Christian camping is about ministry. Previous posts in this series have emphasized that camp is much more than fun and games. Camps are centers of faith formation. The ministry at camp focuses on meeting participants where they are in their faith journey and accompanying them through unique experiences.
But the ministry at camp does not stand on its own. Camping ministers have widely acknowledged this because of the nature of camping ministry as temporary. The fact that the experience has a set beginning and end heightens the awareness that participants have left something behind to which they will eventually have to return. It is this temporary nature that allows camping ministers to understand that they are partners in ministry, particularly with families, colleges, and congregations.

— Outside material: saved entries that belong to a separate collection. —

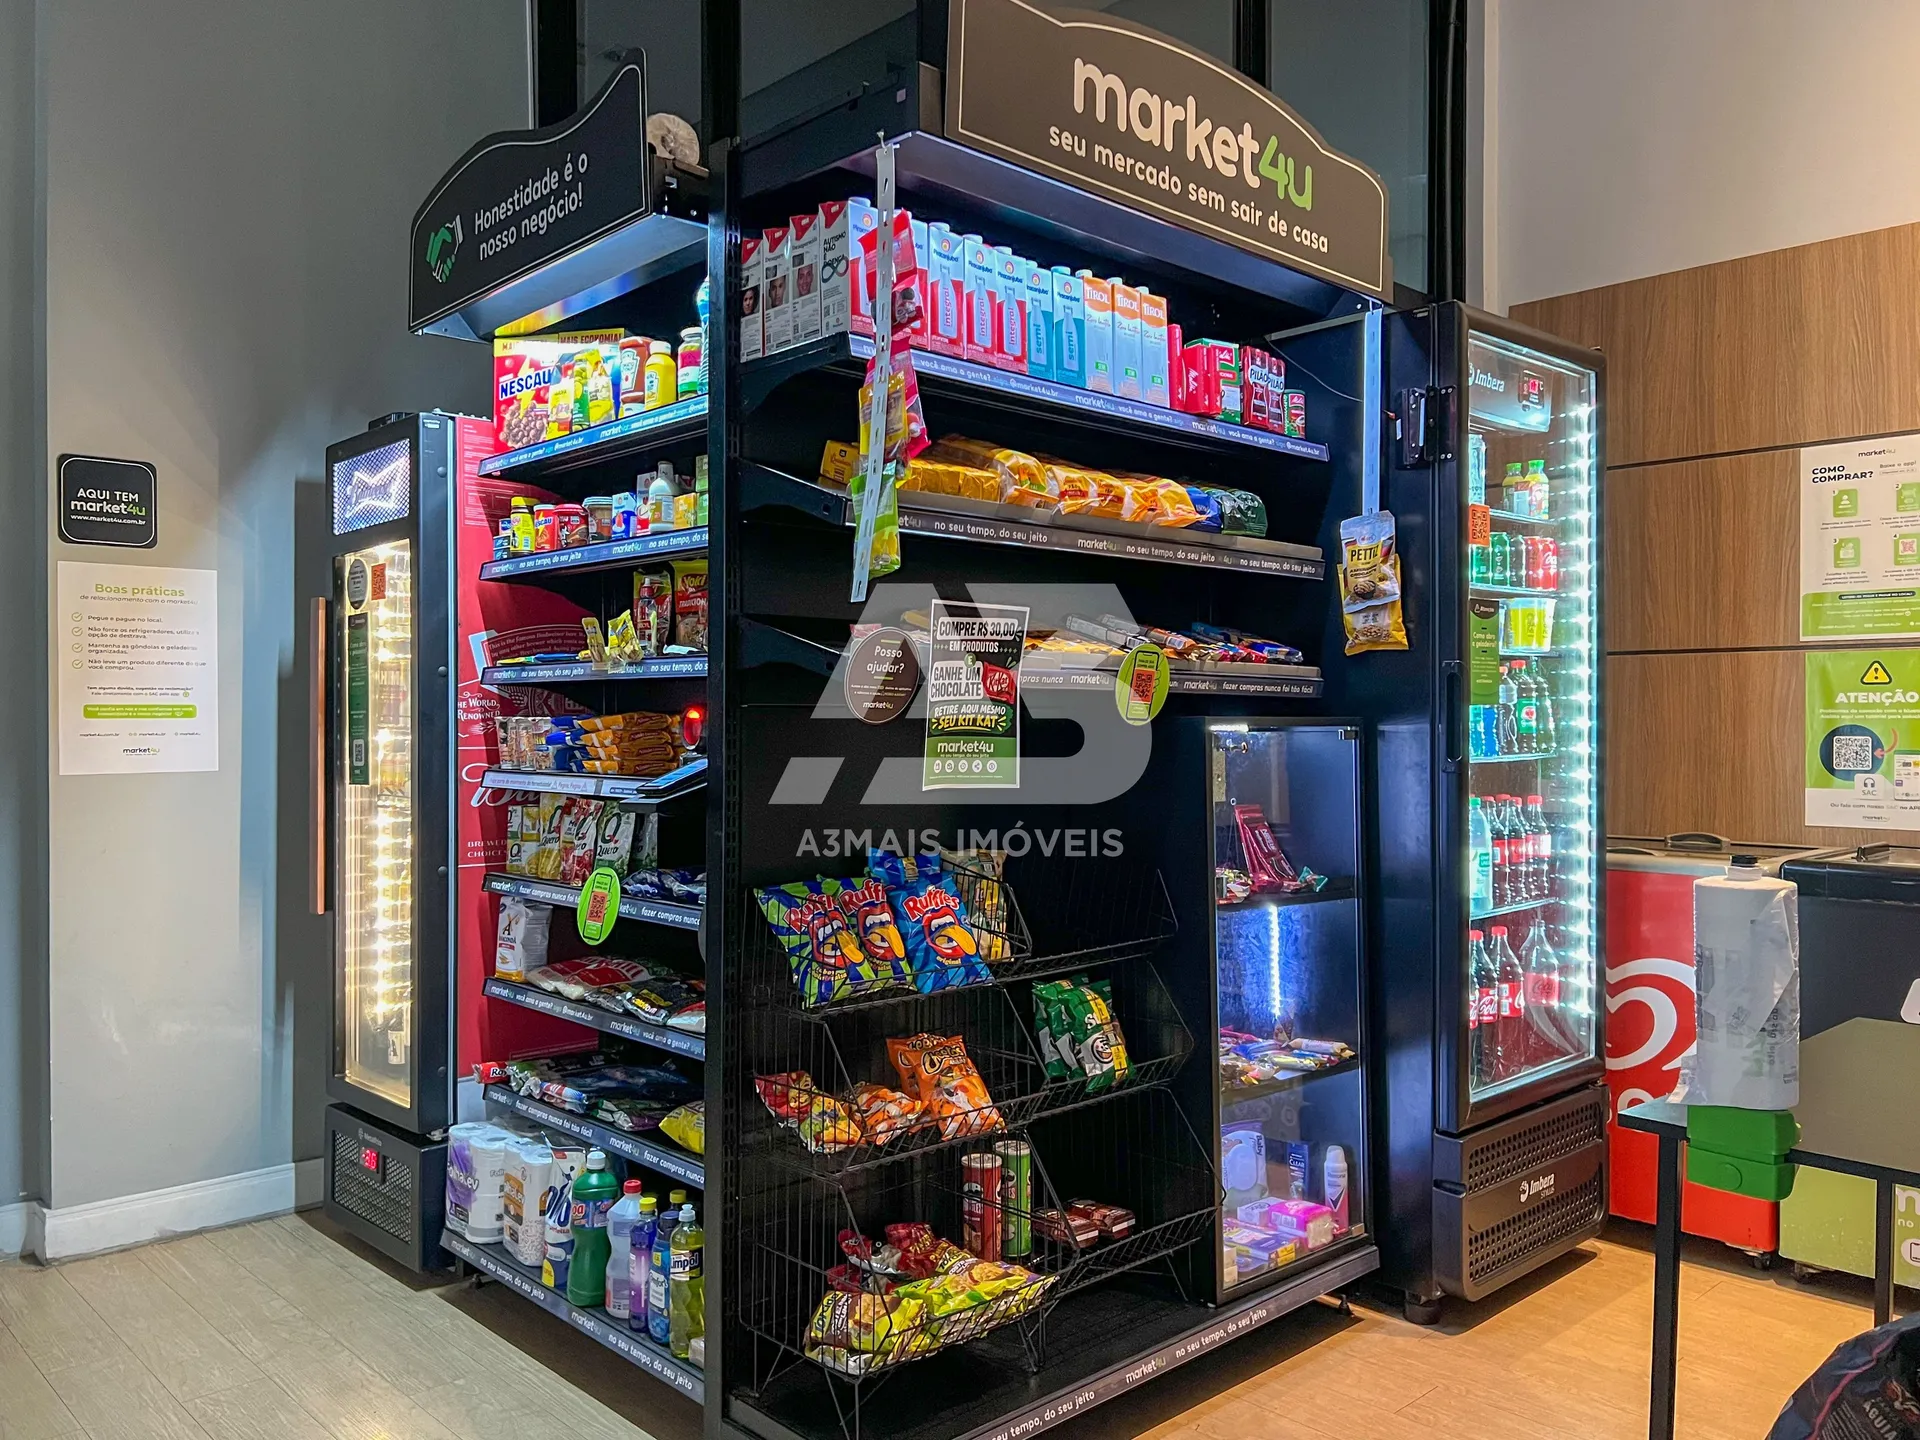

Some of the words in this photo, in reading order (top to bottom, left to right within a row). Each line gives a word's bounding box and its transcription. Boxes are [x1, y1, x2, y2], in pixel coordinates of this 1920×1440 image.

[1073, 57, 1312, 211] market4u
[474, 167, 560, 235] Honestidade
[563, 153, 573, 182] é
[578, 153, 588, 173] o
[1049, 125, 1086, 157] seu
[1094, 143, 1181, 195] mercado
[1188, 183, 1224, 213] sem
[1231, 198, 1262, 228] sair
[1268, 210, 1288, 238] de
[1294, 225, 1328, 253] casa
[479, 227, 517, 261] nosso
[521, 182, 583, 238] negócio!
[1085, 285, 1110, 305] TIROL
[1115, 293, 1139, 313] TIROL
[1142, 302, 1165, 320] TIROL
[1033, 323, 1042, 355] semi
[1068, 331, 1076, 361] semi
[920, 359, 939, 370] você
[941, 366, 958, 375] ama
[966, 371, 991, 383] gente?
[1250, 368, 1268, 383] PILÃO
[500, 369, 551, 399] NESCAU
[1474, 369, 1505, 392] Imbera
[1076, 394, 1115, 409] market4u
[1812, 465, 1846, 475] COMO
[1812, 471, 1874, 484] COMPRAR?
[77, 488, 110, 499] AQUI
[114, 491, 139, 502] TEM
[70, 500, 146, 516] market4u
[70, 514, 146, 525] www.market4u.com.br
[934, 521, 946, 531] no
[949, 523, 964, 533] seu
[967, 523, 997, 539] tempo,
[999, 527, 1011, 538] do
[1012, 529, 1027, 541] seu
[1028, 530, 1048, 543] jeito
[1078, 538, 1117, 551] market4u
[1126, 545, 1136, 554] no
[1137, 546, 1150, 555] seu
[1151, 546, 1175, 559] tempo,
[1176, 550, 1186, 559] do
[1187, 551, 1199, 560] seu
[1199, 551, 1215, 563] jeito
[1239, 558, 1248, 566] no
[1249, 559, 1260, 568] seu
[1261, 559, 1281, 571] tempo,
[1282, 562, 1290, 571] do
[1291, 564, 1301, 572] seu
[1302, 564, 1316, 574] jeito
[95, 583, 128, 594] Boas
[132, 586, 185, 597] práticas
[90, 595, 143, 603] relacionamento
[939, 621, 976, 637] COMPRE
[977, 621, 988, 637] R$
[989, 621, 1015, 638] 30,00
[874, 645, 903, 658] Posso
[949, 641, 961, 652] EM
[961, 641, 999, 653] PRODUTOS
[866, 662, 905, 674] ajudar?
[967, 655, 973, 665] E
[934, 667, 963, 681] GANHE
[966, 667, 981, 681] UM
[1071, 673, 1109, 685] market4u
[931, 682, 982, 698] CHOCOLATE
[1183, 680, 1217, 691] market4u
[1222, 682, 1238, 691] fazer
[1239, 683, 1262, 693] compras
[1263, 684, 1281, 693] nunca
[1282, 683, 1290, 693] foi
[1291, 684, 1300, 693] tão
[1301, 684, 1313, 694] fácil
[863, 701, 894, 710] market4u
[1835, 689, 1919, 706] ATENÇÃO
[934, 704, 958, 717] RETIRE
[961, 704, 979, 715] AQUI
[980, 704, 1006, 715] MESMO
[939, 717, 958, 730] SEU
[959, 716, 975, 728] KIT
[977, 716, 997, 728] KAT
[937, 740, 994, 754] market4u
[902, 889, 960, 922] Ruffles
[515, 1101, 528, 1114] fazer
[528, 1106, 548, 1121] compras
[548, 1113, 563, 1126] nunca
[580, 1124, 593, 1139] fácil
[609, 1136, 639, 1156] market4u
[1529, 1173, 1555, 1196] Imbera
[497, 1264, 514, 1284] tempo,
[531, 1285, 545, 1300] jeito
[1125, 1356, 1166, 1384] market4u
[1175, 1347, 1186, 1359] no
[1187, 1341, 1200, 1354] seu
[1200, 1328, 1227, 1350] tempo,
[1227, 1322, 1238, 1335] do
[1238, 1317, 1251, 1330] seu
[1250, 1308, 1268, 1327] jeito
[608, 1333, 617, 1345] no
[618, 1338, 629, 1352] seu
[630, 1345, 652, 1368] tempo,
[653, 1359, 662, 1372] do
[663, 1366, 675, 1379] seu
[675, 1370, 693, 1390] jeito
[1009, 1414, 1043, 1440] tempo,
[1044, 1406, 1056, 1422] do
[1057, 1401, 1074, 1416] seu
[1075, 1389, 1096, 1410] jeito

Partnership is an important concept in ministry. Congregations are sometimes seen as the centers of faith life, with other ministries subservient. This relationship is not a partnership. A partnership does not necessarily entail an equal relationship, but it does imply a mutual dependence. Congregations are not stand-alone ministries, and ministry professionals are increasingly acknowledging this. There is widespread recognition that the home is the epicenter of faith formation and that congregations are partners in ministry with the home. Camps should be seen as another partnership ministry that shares a mutual dependence with the ministry of the home, the ministry of the congregation, and other related ministries (among them, campus ministries). Camps are not expendable. Congregations and families depend on them as ministry partners.
The initial survey of the Outdoor Ministry Research Project shows that there is widespread recognition in Mainline Protestant camping that camp is a ministry partner. It is interesting to note that there is also evidence that the partnership is strained in some cases.
|Intergenerational camp worship, with ELCA bishop (right)|
78% of camp directors “moderately agree” or “strongly agree” with the statement, “Camp worship/programs are designed to get campers more excited about and engaged in their home congregation.” This item shows that there is intentionality in the camp programming with regard to partnering with congregations.
Directors were also asked to indicate the importance that their camp places on the items “Strengthen/support congregations” and “Strengthen/support families.” 74% indicated that “Strengthen/support families” is “very” or “extremely important,” and 58% indicated the same for “Strengthen/support congregations.” These numbers indicate that there is widespread recognition that camp serves an important role with respect to strengthening families. The comparatively lower number for congregations deserves closer attention.
The importance placed on “strengthen/support congregations” is sharply divided along denominational lines. On the high end, 78% of Lutheran (ELCA) camps indicate that this item is “very” or “extremely important.” However, less than half of both the Episcopal and Presbyterian (PC-USA) camps say the same (43% and 48%, respectively). Methodist (UMC) camps come in at the average (59%). These numbers raise serious concerns about how camping ministry is seen in certain faith traditions.
Clergy involvement also varies among denominational traditions. Significantly higher percentages of ELCA and UMC camps report “Many congregational leaders/clergy are heavily involved in the ministries of the camp” compared with the other traditions. Significantly fewer PCUSA camps report high clergy involvement than non-PCUSA camps.
The difference is also reflected in the camps’ evaluation techniques. Consistently across the denominations, about 50% of camps say that they survey parents “asking them to evaluate the experience of their children.” However, camps were also asked if they “survey clergy or other congregational leaders asking them to evaluate the programs.” While 54% of ELCA camps indicated that they survey clergy, only 25% of Episcopal, 22% of UMC, and 19% of Presbyterian camps indicated the same.
Taken together, these numbers suggest that there is a widespread recognition in the ELCA that camp is an important ministry partner with both congregations and families. The recognition of the partnership with congregations is in doubt in other traditions, most notably in the PC-USA.
These mixed results reflect a developing crisis in Christian camping ministry (see previous post). A deterioration of partnerships reflects problems in the ministry ecology of a faith tradition. If camping ministry is devalued, clergy and congregational leaders pull away from the ministry, and camping leaders may respond by also pulling away.
The issue is not survival. This is not a “Join or Die” scenario. Congregations were around long before camping ministry became widespread in Mainline traditions in the 1940s and 50s. Congregations are not going away if camps die. Likewise, camps find ways to survive without congregational support. Comparing the camps in the survey that showed evidence of strong ties to their denominational traditions/teachings with those that showed weak ties, there is no significant difference in their 2014 camper enrollment capacity or enrollment trends. There is no evidence that strong congregational ties save camps from financial ruin. On the contrary, some camps may shy away from tying themselves to the sinking ship of their denomination. If both camps and congregations die, the Holy Spirit will enliven another expression of church. It is not a survival issue.
It is a ministry issue. We are stronger together, and we can minister more effectively with young people and families if we recognize the importance of partnership. Congregations do not need camps, and camps do not need congregations. But the Church needs both. God is at work in both. Isn’t that reason enough to strengthen our partnerships?